----- GIVEN DATA
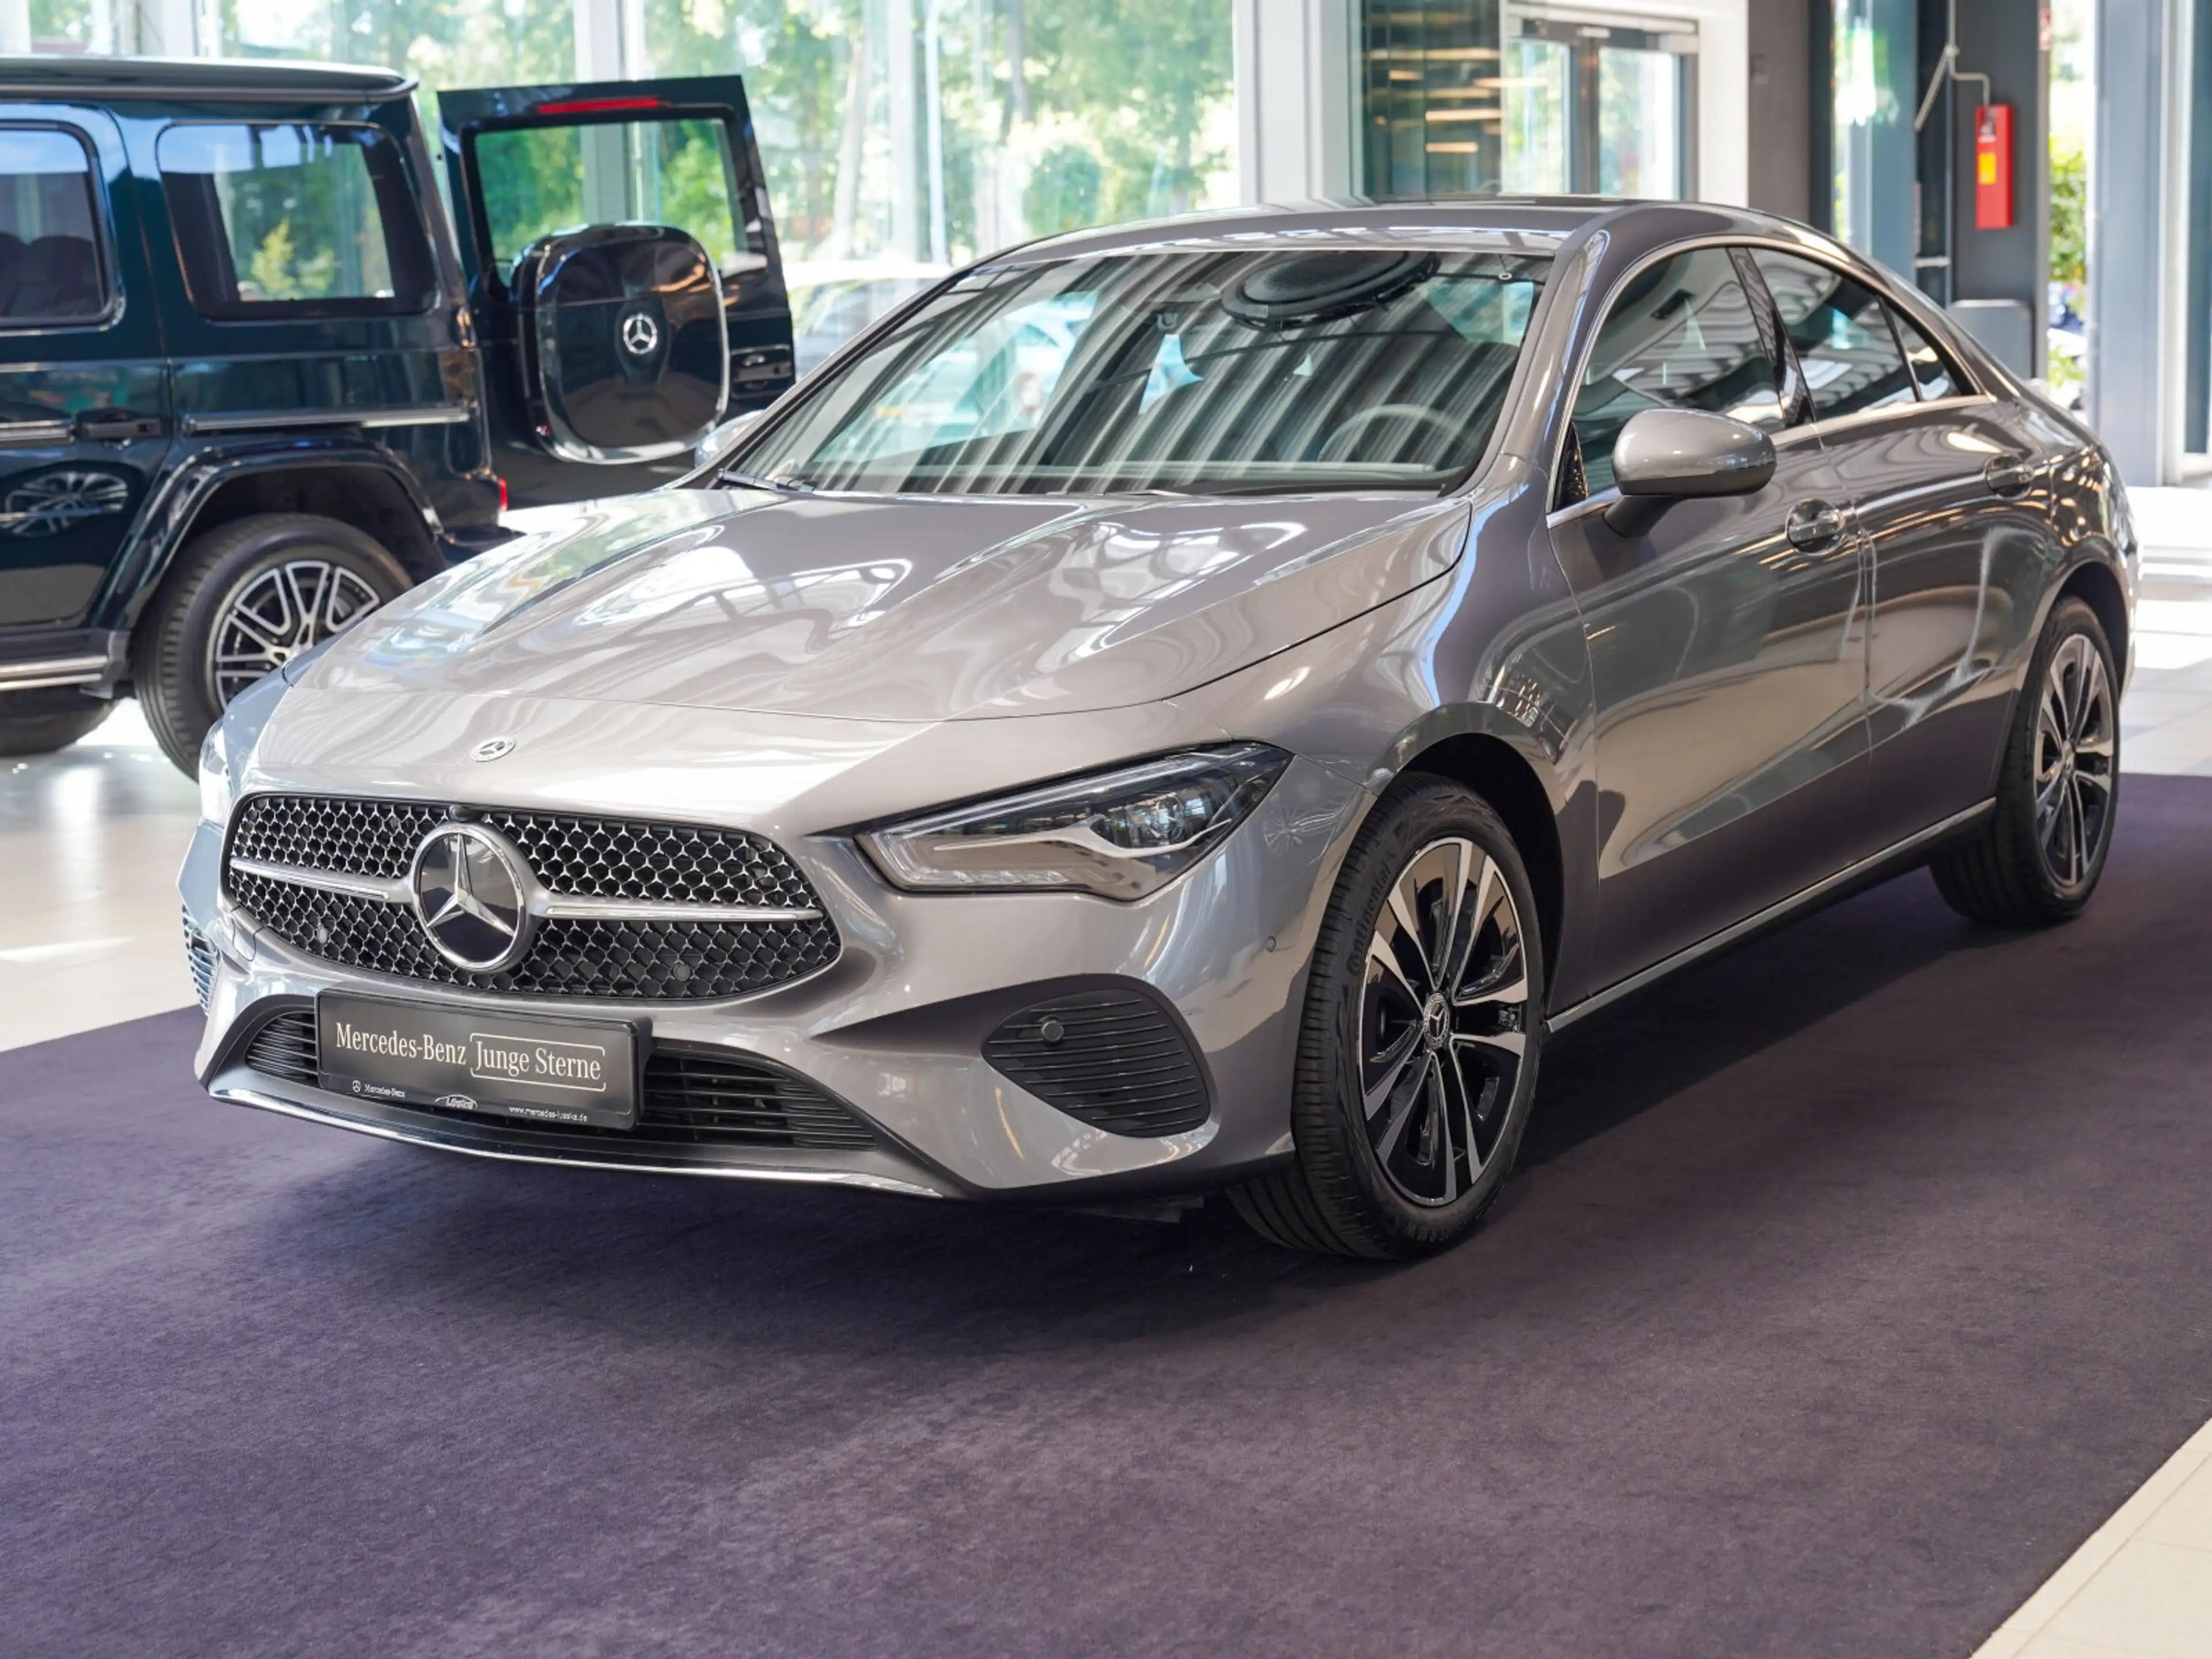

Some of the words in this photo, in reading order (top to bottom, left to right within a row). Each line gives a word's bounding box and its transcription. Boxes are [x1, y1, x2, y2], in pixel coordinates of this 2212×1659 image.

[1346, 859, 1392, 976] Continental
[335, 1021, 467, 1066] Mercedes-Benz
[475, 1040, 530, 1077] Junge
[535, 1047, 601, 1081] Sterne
----------
ACTION ITEM => Write the records out again exactly as shown above, keeping no pictures.

SOLVED PROBLEM =>
Some of the words in this photo, in reading order (top to bottom, left to right within a row). Each line gives a word's bounding box and its transcription. Boxes are [x1, y1, x2, y2], in pixel coordinates of this 2212×1659 image.

[1346, 859, 1392, 976] Continental
[335, 1021, 467, 1066] Mercedes-Benz
[475, 1040, 530, 1077] Junge
[535, 1047, 601, 1081] Sterne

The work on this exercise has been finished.